Materials provided
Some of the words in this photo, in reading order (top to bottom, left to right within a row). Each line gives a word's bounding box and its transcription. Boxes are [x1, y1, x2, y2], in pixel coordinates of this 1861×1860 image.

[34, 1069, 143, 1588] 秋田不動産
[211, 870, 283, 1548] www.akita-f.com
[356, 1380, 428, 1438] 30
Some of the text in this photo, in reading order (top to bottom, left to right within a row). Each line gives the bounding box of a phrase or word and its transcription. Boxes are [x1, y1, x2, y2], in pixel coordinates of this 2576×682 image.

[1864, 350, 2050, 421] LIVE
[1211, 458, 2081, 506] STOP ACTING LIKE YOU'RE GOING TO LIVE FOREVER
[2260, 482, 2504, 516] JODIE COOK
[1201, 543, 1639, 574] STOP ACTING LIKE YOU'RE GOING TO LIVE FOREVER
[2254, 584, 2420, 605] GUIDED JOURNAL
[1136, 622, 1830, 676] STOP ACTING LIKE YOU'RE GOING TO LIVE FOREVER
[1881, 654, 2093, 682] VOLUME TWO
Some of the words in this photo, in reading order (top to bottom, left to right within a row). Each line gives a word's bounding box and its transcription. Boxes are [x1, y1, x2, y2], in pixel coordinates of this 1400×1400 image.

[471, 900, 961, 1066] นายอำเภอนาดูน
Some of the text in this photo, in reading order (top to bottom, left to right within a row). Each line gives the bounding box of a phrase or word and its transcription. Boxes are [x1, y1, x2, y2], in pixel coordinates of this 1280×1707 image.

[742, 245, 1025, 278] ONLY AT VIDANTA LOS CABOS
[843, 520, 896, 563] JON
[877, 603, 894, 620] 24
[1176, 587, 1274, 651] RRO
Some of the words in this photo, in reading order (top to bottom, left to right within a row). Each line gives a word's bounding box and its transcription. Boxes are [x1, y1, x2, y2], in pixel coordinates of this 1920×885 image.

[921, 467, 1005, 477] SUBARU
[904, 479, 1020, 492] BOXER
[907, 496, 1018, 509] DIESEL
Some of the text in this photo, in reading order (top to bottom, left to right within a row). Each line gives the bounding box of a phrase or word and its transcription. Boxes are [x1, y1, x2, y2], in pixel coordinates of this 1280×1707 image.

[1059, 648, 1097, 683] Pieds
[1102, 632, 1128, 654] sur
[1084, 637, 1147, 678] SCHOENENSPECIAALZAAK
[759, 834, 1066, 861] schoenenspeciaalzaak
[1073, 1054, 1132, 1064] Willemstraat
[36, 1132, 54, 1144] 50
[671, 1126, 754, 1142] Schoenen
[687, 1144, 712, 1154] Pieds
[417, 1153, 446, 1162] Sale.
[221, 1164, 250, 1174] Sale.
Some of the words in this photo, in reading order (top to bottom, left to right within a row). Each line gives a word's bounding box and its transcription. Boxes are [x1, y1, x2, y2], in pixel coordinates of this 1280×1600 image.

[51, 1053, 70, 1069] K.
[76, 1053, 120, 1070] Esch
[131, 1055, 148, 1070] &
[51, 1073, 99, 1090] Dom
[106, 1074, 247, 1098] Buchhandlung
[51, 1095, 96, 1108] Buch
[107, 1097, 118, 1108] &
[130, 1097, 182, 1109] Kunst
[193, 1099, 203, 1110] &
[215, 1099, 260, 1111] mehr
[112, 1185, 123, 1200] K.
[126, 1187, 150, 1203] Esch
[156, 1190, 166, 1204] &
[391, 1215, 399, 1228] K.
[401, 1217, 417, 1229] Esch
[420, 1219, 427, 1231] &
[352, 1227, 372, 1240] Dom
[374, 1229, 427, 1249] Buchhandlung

Task prompt
Write out every entry exactly as it appears.

Written solution
Some of the words in this photo, in reading order (top to bottom, left to right within a row). Each line gives a word's bounding box and its transcription. Boxes are [x1, y1, x2, y2], in pixel coordinates of this 1861×1860 image.

[34, 1069, 143, 1588] 秋田不動産
[211, 870, 283, 1548] www.akita-f.com
[356, 1380, 428, 1438] 30
Some of the text in this photo, in reading order (top to bottom, left to right within a row). Each line gives the bounding box of a phrase or word and its transcription. Boxes are [x1, y1, x2, y2], in pixel coordinates of this 2576×682 image.

[1864, 350, 2050, 421] LIVE
[1211, 458, 2081, 506] STOP ACTING LIKE YOU'RE GOING TO LIVE FOREVER
[2260, 482, 2504, 516] JODIE COOK
[1201, 543, 1639, 574] STOP ACTING LIKE YOU'RE GOING TO LIVE FOREVER
[2254, 584, 2420, 605] GUIDED JOURNAL
[1136, 622, 1830, 676] STOP ACTING LIKE YOU'RE GOING TO LIVE FOREVER
[1881, 654, 2093, 682] VOLUME TWO
Some of the words in this photo, in reading order (top to bottom, left to right within a row). Each line gives a word's bounding box and its transcription. Boxes are [x1, y1, x2, y2], in pixel coordinates of this 1400×1400 image.

[471, 900, 961, 1066] นายอำเภอนาดูน
Some of the text in this photo, in reading order (top to bottom, left to right within a row). Each line gives the bounding box of a phrase or word and its transcription. Boxes are [x1, y1, x2, y2], in pixel coordinates of this 1280×1707 image.

[742, 245, 1025, 278] ONLY AT VIDANTA LOS CABOS
[843, 520, 896, 563] JON
[877, 603, 894, 620] 24
[1176, 587, 1274, 651] RRO
Some of the words in this photo, in reading order (top to bottom, left to right within a row). Each line gives a word's bounding box and its transcription. Boxes are [x1, y1, x2, y2], in pixel coordinates of this 1920×885 image.

[921, 467, 1005, 477] SUBARU
[904, 479, 1020, 492] BOXER
[907, 496, 1018, 509] DIESEL
Some of the text in this photo, in reading order (top to bottom, left to right within a row). Each line gives the bounding box of a phrase or word and its transcription. Boxes are [x1, y1, x2, y2], in pixel coordinates of this 1280×1707 image.

[1059, 648, 1097, 683] Pieds
[1102, 632, 1128, 654] sur
[1084, 637, 1147, 678] SCHOENENSPECIAALZAAK
[759, 834, 1066, 861] schoenenspeciaalzaak
[1073, 1054, 1132, 1064] Willemstraat
[36, 1132, 54, 1144] 50
[671, 1126, 754, 1142] Schoenen
[687, 1144, 712, 1154] Pieds
[417, 1153, 446, 1162] Sale.
[221, 1164, 250, 1174] Sale.
Some of the words in this photo, in reading order (top to bottom, left to right within a row). Each line gives a word's bounding box and its transcription. Boxes are [x1, y1, x2, y2], in pixel coordinates of this 1280×1600 image.

[51, 1053, 70, 1069] K.
[76, 1053, 120, 1070] Esch
[131, 1055, 148, 1070] &
[51, 1073, 99, 1090] Dom
[106, 1074, 247, 1098] Buchhandlung
[51, 1095, 96, 1108] Buch
[107, 1097, 118, 1108] &
[130, 1097, 182, 1109] Kunst
[193, 1099, 203, 1110] &
[215, 1099, 260, 1111] mehr
[112, 1185, 123, 1200] K.
[126, 1187, 150, 1203] Esch
[156, 1190, 166, 1204] &
[391, 1215, 399, 1228] K.
[401, 1217, 417, 1229] Esch
[420, 1219, 427, 1231] &
[352, 1227, 372, 1240] Dom
[374, 1229, 427, 1249] Buchhandlung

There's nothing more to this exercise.